This knife came, over the next 40-60 years, give or take, to supersede the old-fashioned nakiri (vegetable-cutter), which these days appears in popular graphic media (TV, magazines, etc.) in the background of all kinds of shots in order to indicate rusticity, old-fashioned ways, grandma, and so on. It's a rustic knife; the santoku isn't.

What the santoku is, however, is a housewife's knife. That's not a criticism: a great many Japanese women take real pride in the term _shufu_. There are certain advantages, when these knives are compared with their professional counterparts: the santoku is easier to use, easier to maintain, smaller (an important point if your kitchen is 4' deep including countertops, and you have small children in the house), and cheaper.

A gyuto is a very odd beast, since only in the last 15 years or so has it turned up in mainstream Japanese professional kitchens at all. It's a western (French-profiled) chef's knife, made by Japanese knife-makers according to their notions of appropriate hardness and so forth. It has largely superseded the older usuba, because the latter is much harder to learn and less all-around useful if your trade involves a significant amount of meat.

So which is the better knife? Depends what you want. If you want a 6"-7" knife, you want a santoku. A chef's knife that size doesn't work well at all. A reasonable comparison would be with a utility knife: which is better, utility or santoku? Frankly, probably the santoku, _provided of course that you are not using a chef's knife in addition_.

However, if you are paying a lot for your santoku, you're getting ripped off, in my considered opinion. You've just lost out on the #1 most valuable thing about this knife, which is that it's cheap. When I lived in Kyoto (untile last month), I could pick up a high quality stainless or carbon steel santoku for about $40 any day of the week, and as you may know Japan is not famous for being a cheap country to buy things. If I wanted one from a high-end fancy place that marks its lovely wares up because of the name, I could have one from Aritsugu Kyoto for about $75, and they'd sharpen and engrave it for me with a smile. When I hear that someone has paid $150 or something for a santoku, I can only laugh: why would you want to drop that kind of change on a knife like that? It's like spending $150 on a paring knife -- only collectors and lunatics need apply.
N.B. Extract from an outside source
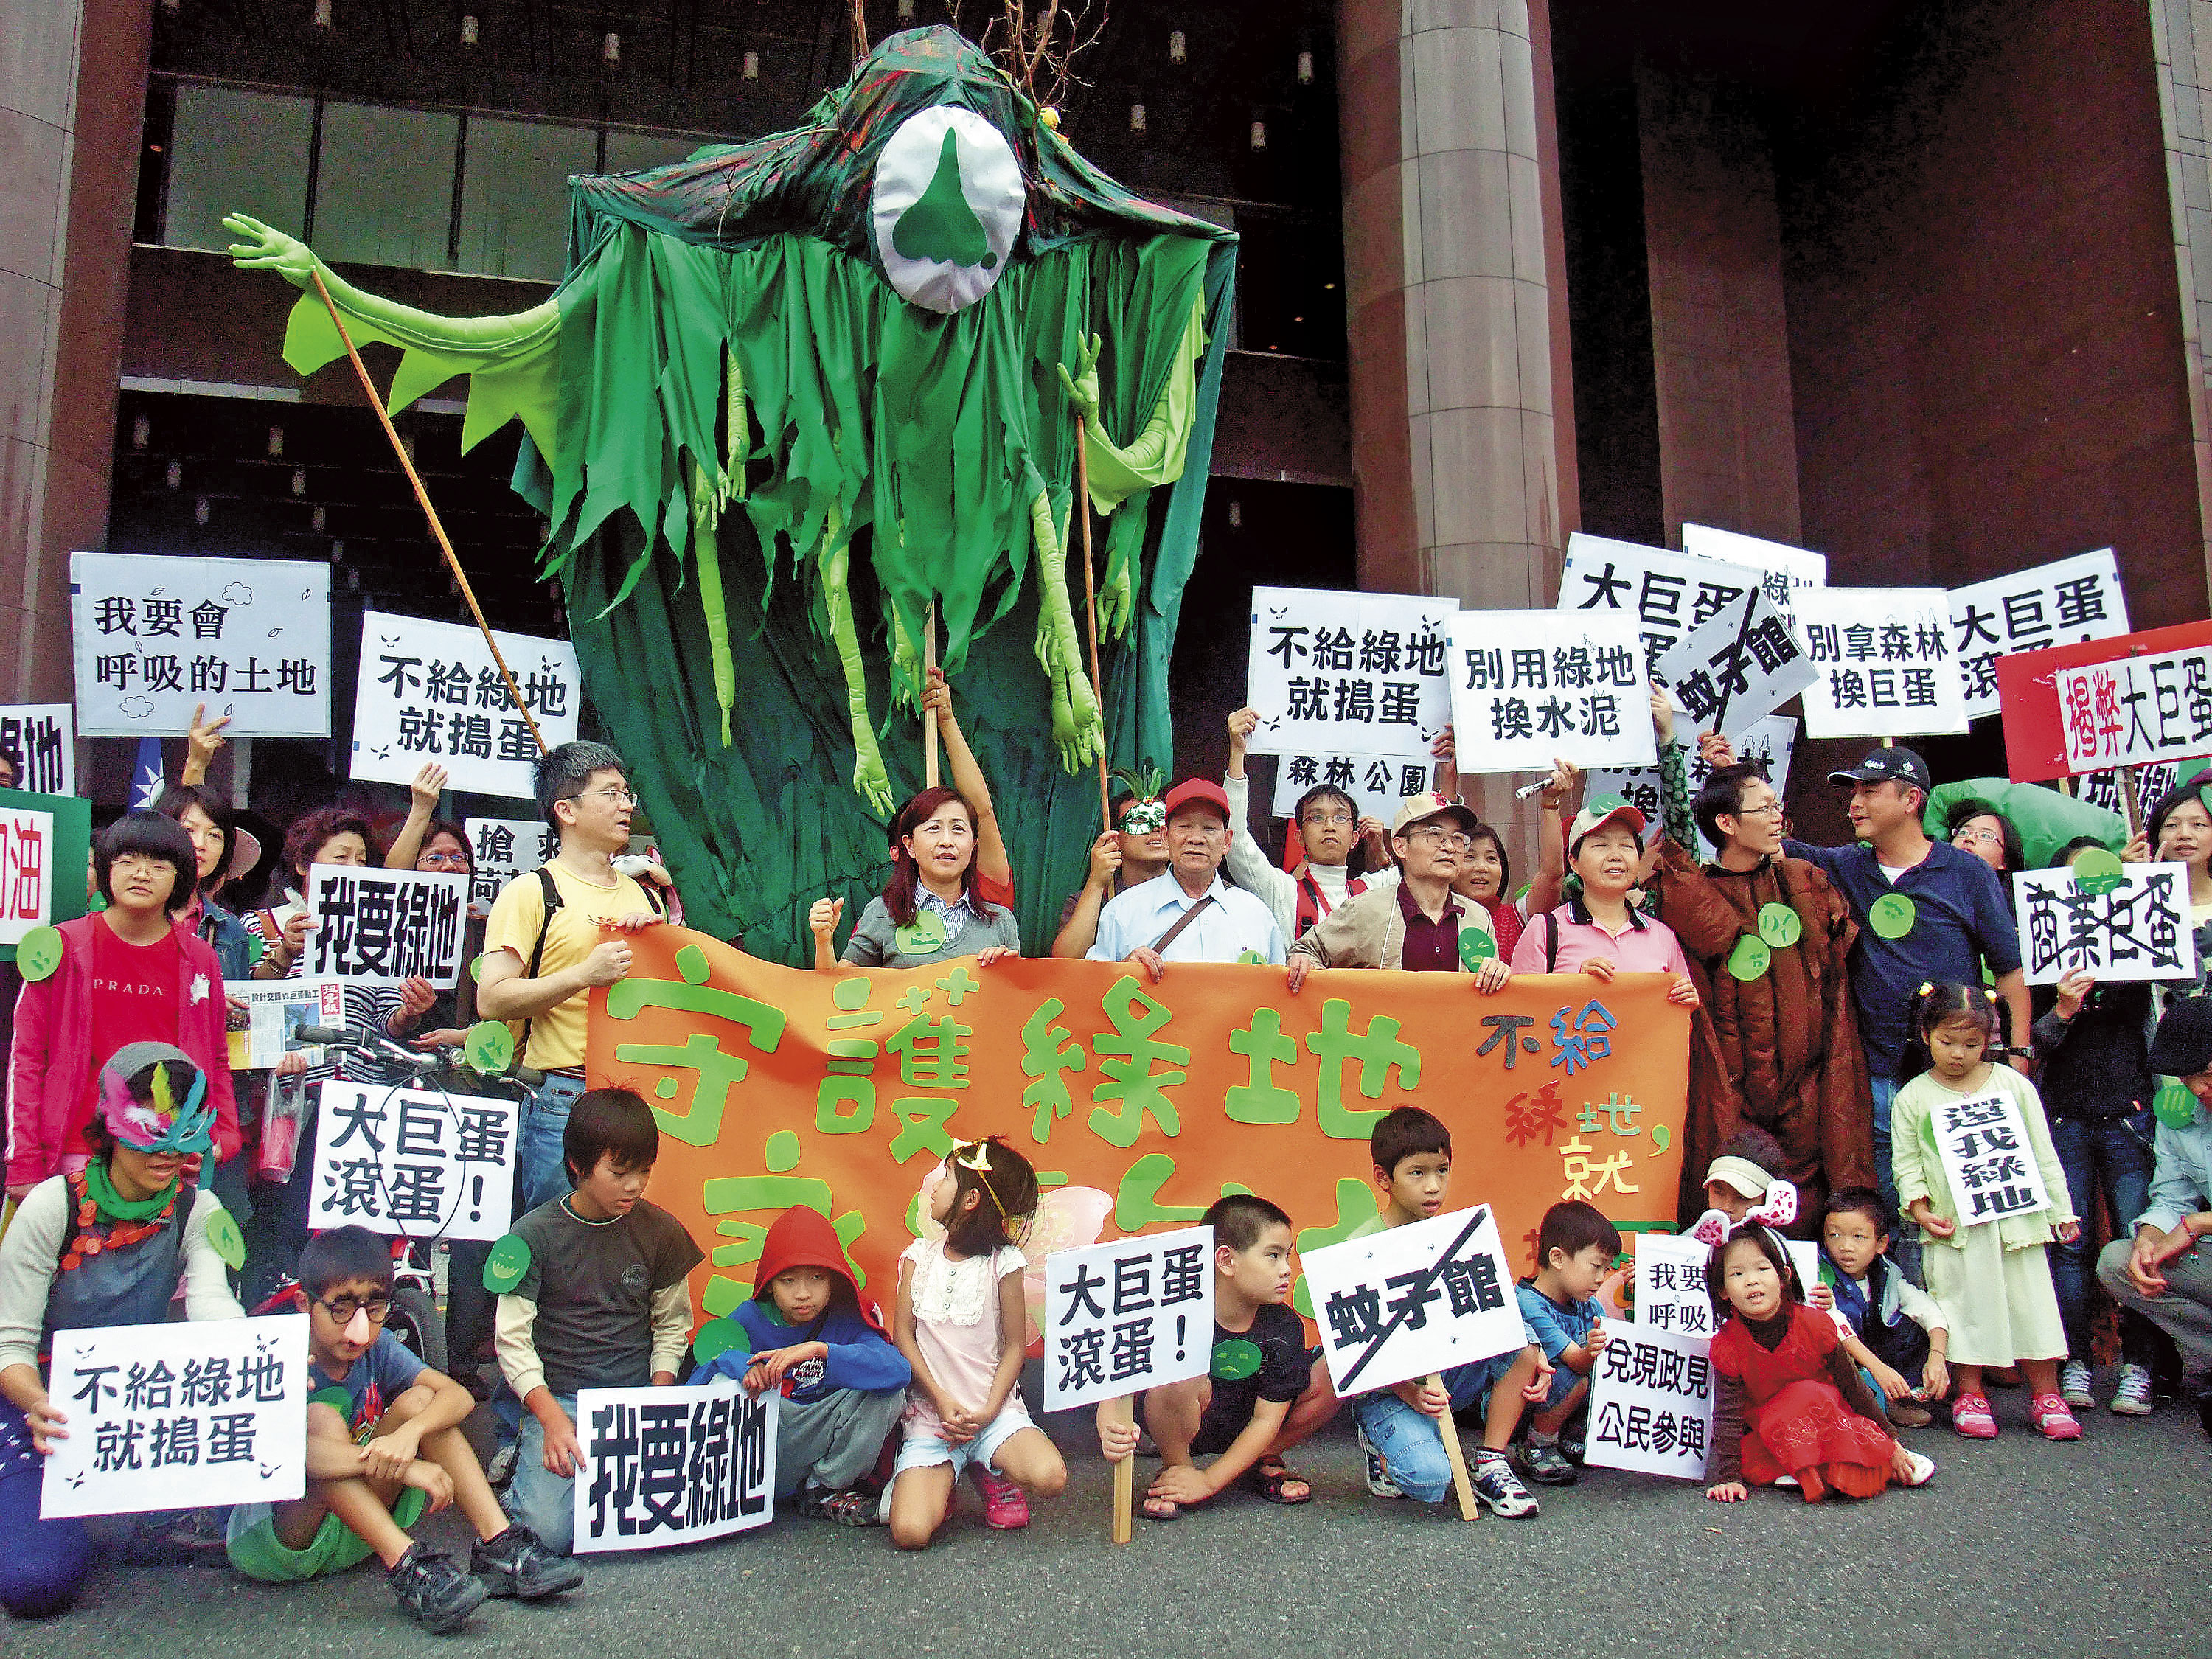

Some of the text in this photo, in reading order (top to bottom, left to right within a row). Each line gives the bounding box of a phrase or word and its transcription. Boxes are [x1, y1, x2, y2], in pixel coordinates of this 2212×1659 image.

All of which brings me back to my original point. If you're looking for a santoku, and there are reasons to do so (for example, you've used one, like them, and want one), stay away from the high-end Japanese knife forums. They will simply tell you it's a bad knife, it's no good, a "true gyuto" is infinitely superior, and all that. All of this is in a sense true, under certain circumstances, for a certain value of "true." But if you already know more or less what you want, such advice is unlikely to be of much value.


----------



## phaedrus

Sadly, I _live _on the high end knife forums!:lol: And while I mostly agree with you, Chris, I have a powerful yet inexplicable lust for those Ironwood handled R2 Tanakas...the gyuto of course but the santoku as well. But I will readily admit to being one of those "lunatics"!:crazy:

Oddly I do know one kid that loves the santoku like Dave Martell loves Racheal Ray- he's a recent culinary school grad and only 19. In his case it's mostly a case of not being experienced and simply not having used many knives.
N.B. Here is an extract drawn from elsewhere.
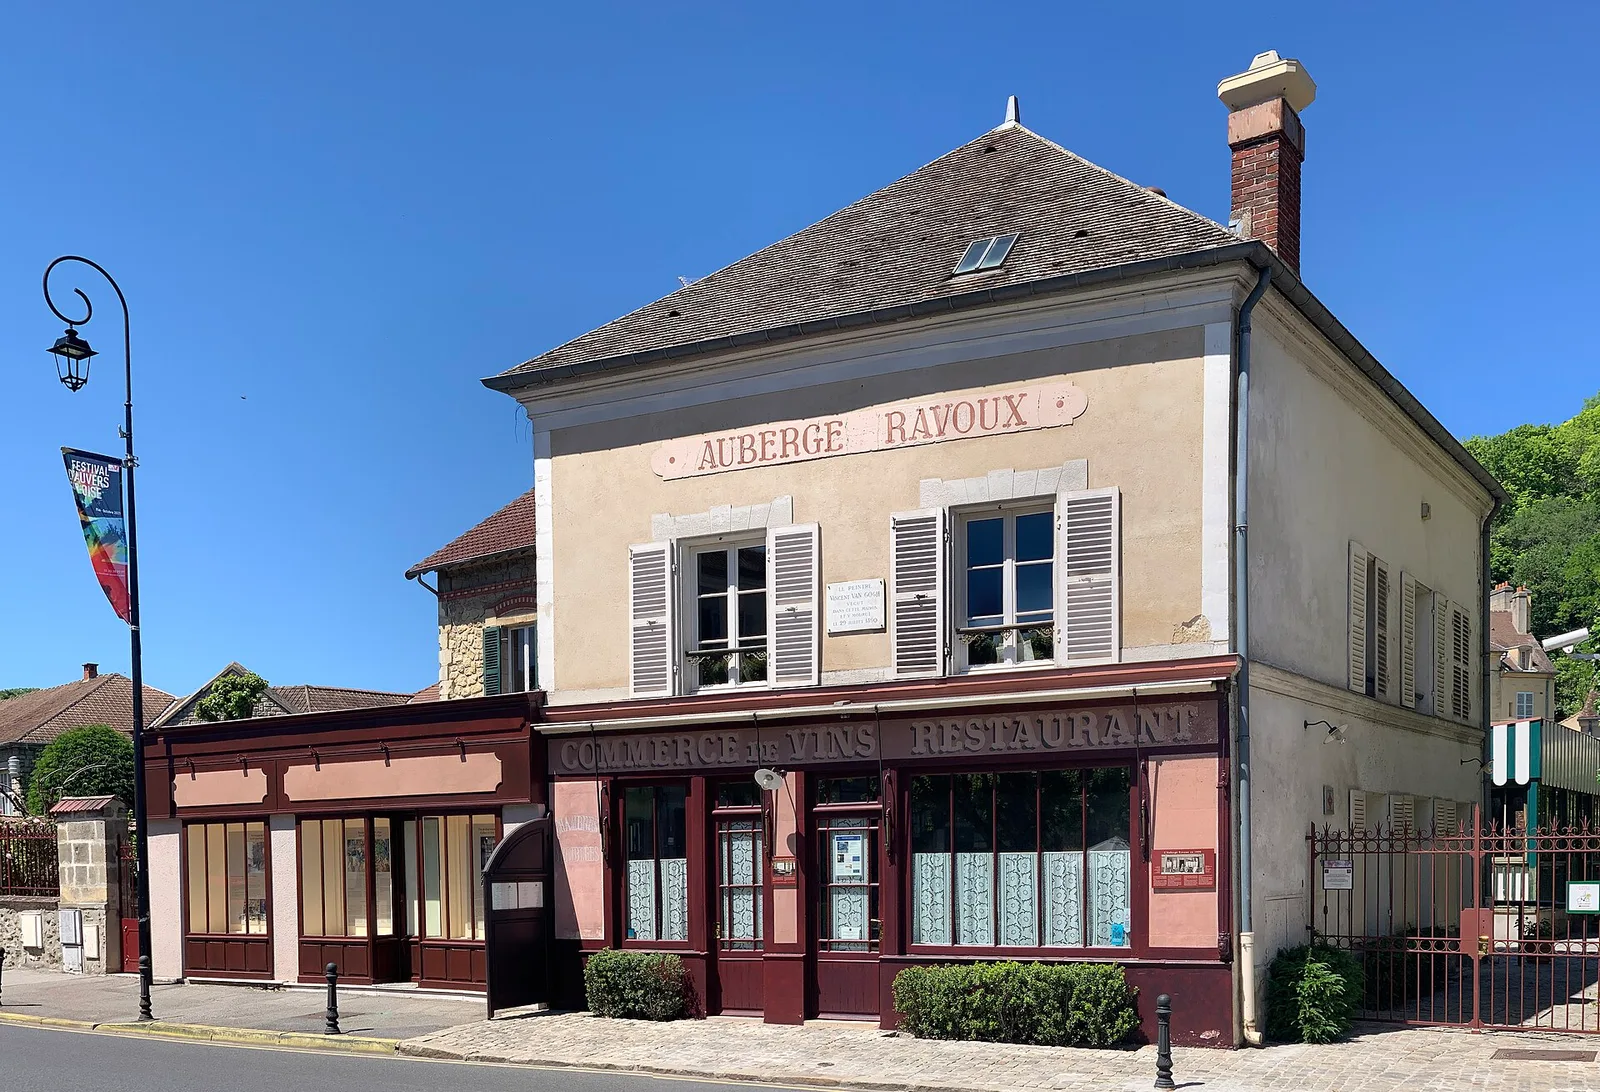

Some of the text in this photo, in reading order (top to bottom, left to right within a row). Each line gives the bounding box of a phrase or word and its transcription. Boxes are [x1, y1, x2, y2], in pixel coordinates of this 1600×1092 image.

As a knife geek I keep a few santokus around but I have to invent reasons to pull one out. Mostly I like to play with my blades.


----------



## the tourist

So have most of my clients.

In fact, this market has changed so much that I am now solely an ipso facto japanese knife distributor. My wife uses nothing else.


----------



## akilae

Not to actively revive old and buried threads, but I had to register just to ask... Chris, could you point me to these places in Kyoto, especially for a stainless steel santoku? I was in Kyoto last month and visited Aritsugu to see about picking up a gyuto or a santoku, but left much disappointed by their rather overinflated prices.


----------



## mabel ang

Santoku means three (3) virtues, the santoku is utilized in aisan cooking, primarily for fish, meat and vegetables.  The price is dependant on the range/quality of the knife.  Upmarket santoku cuts through hard vegetables like carrots as if you are slicing through butter.


----------



## chrislehrer

Akilae,

You won't find stainless in Aritsugu, though they have stainless cladded. The prices were always high, but with the collapse of the exchange rate they are presumably beyond belief now.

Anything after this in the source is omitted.